Carbohydrates, the largest group of biomolecules, are dietary fuel—this is one of their major uses in living organisms. The most basic carbohydrates are monosaccharides, small simple sugar molecules. The most important of these is glucose, the body's major source of metabolic energy. More complex carbohydrates are used for longer-term storage of energy within the body, particularly in plants. These polysaccharides are also known as starches.

Very large carbohydrate molecules are usually not digested by humans, but still serve important tasks in many organisms. Cellulose gives structure to plants; it is the major component of wood and paper. Chitin, a glucose-based polymer, forms the exoskeleton in insects. Glycoproteins, or carbohydrates attached to amino acids, have important functions in the immune system and for blood clotting.

Lipids

Lipids are an important, although difficult to define, group of biochemicals. They are most commonly categorized as fats, but lipids include fats, oils, waxes, certain vitamins, some hormones, components of some cell membranes, steroids, fatty acids, and other related biomolecules. Until 1979 only two functions of lipids were known: energy storage and components of cell membranes. Then the lipid now known as platelet-activating factor was shown to help activate or mediate many immune responses.

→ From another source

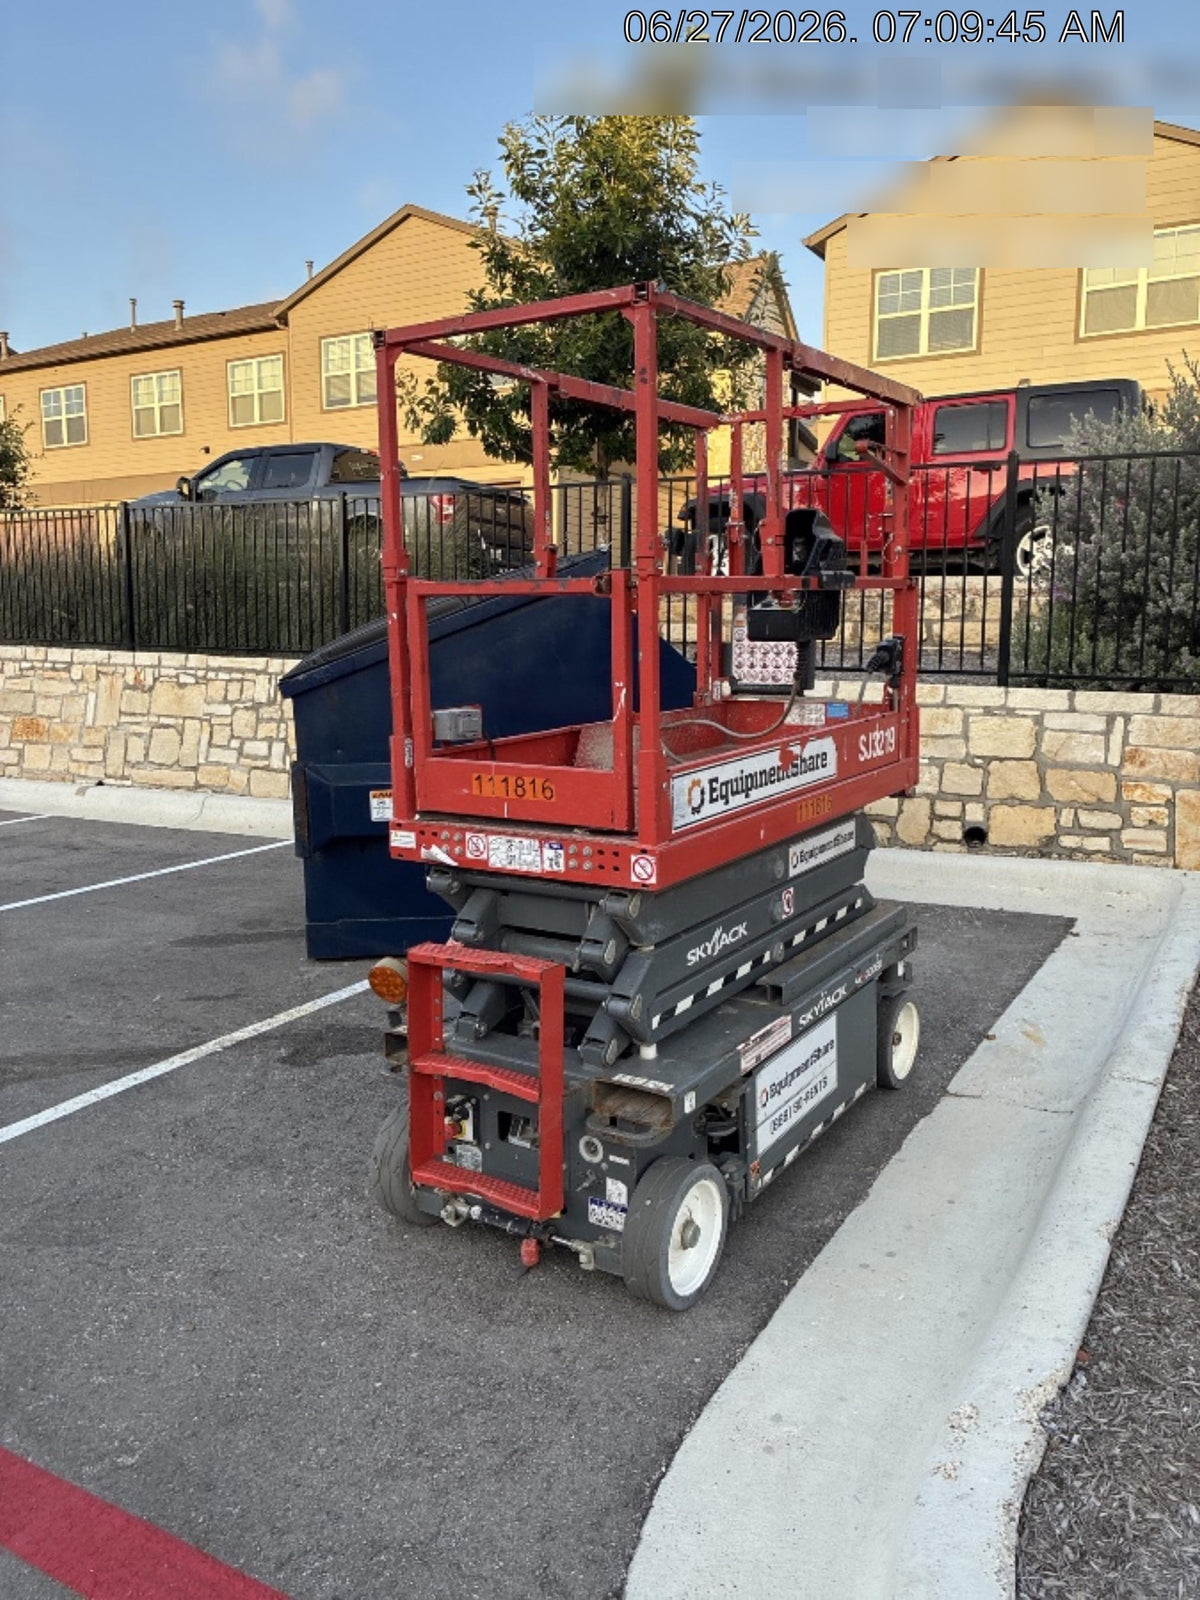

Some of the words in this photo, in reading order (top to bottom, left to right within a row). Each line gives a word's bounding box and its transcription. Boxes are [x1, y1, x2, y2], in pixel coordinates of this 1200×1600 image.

[474, 774, 554, 800] 111816
[707, 750, 828, 806] EquipmenShare
[686, 921, 747, 966] SKYJACK
[799, 983, 847, 1030] SKYJACK

Following this discovery, other lipids were found to have important functions in sending signals within and between cells and transporting energy throughout the body.

Fatty acids are a class of lipids that are particularly important to human health. The body can produce most fatty acids, but those that must be consumed in the diet are called “essential fatty acids.” Maintaining the correct balance between omega-3 and omega-6 fatty acids may help reduce the risk of cardiovascular disease such as high cholesterol, high blood pressure, heart attack, and stroke. Other studies have suggested that fatty acids might have a positive influence on many diseases such as diabetes, arthritis, and several types of cancer.

Nucleic acids are biopolymers, or large biomolecules, essential to all known forms of life. They are composed of monomers, which are nucleotides made of three components: a 5-carbon sugar, a phosphate group, and a nitrogenous base. If the sugar is a simple ribose, the polymer is RNA (ribonucleic acid); if the sugar is derived from ribose as deoxyribose, the polymer is DNA (deoxyribonucleic acid).

Nucleic acids are arguably the most important of all biomolecules. They are found in abundance in all living things, where they function to create and encode and then store information in the nucleus of every living cell of every life-form organism on Earth. Nucleic acids are the main information-carrying molecules of the cell, and, by directing the process of protein synthesis, they determine the inherited characteristics of every living thing. In turn, they function to transmit and express that information inside and outside the cell nucleus—to the interior operations of the cell and ultimately to the next generation of each living organism. The encoded information is contained and conveyed via the nucleic acid sequence, which provides the 'ladder-step' ordering of nucleotides within the molecules of RNA and DNA. Strings of nucleotides are bonded to form helical backbones—typically, one for RNA, two for DNA—and assembled into chains of base-pairs selected from the five primary, or canonical, nucleobases, which are: adenine, cytosine, guanine, thymine, and uracil; note, thymine occurs only in DNA and uracil only in RNA. Using amino acids and the process known as protein synthesis,[3] the specific sequencing in DNA of these nucleobase-pairs enables storing and transmitting coded instructions as genes. In RNA, base-pair sequencing provides for manufacturing new proteins that determine the frames and parts and most chemical processes of all life forms.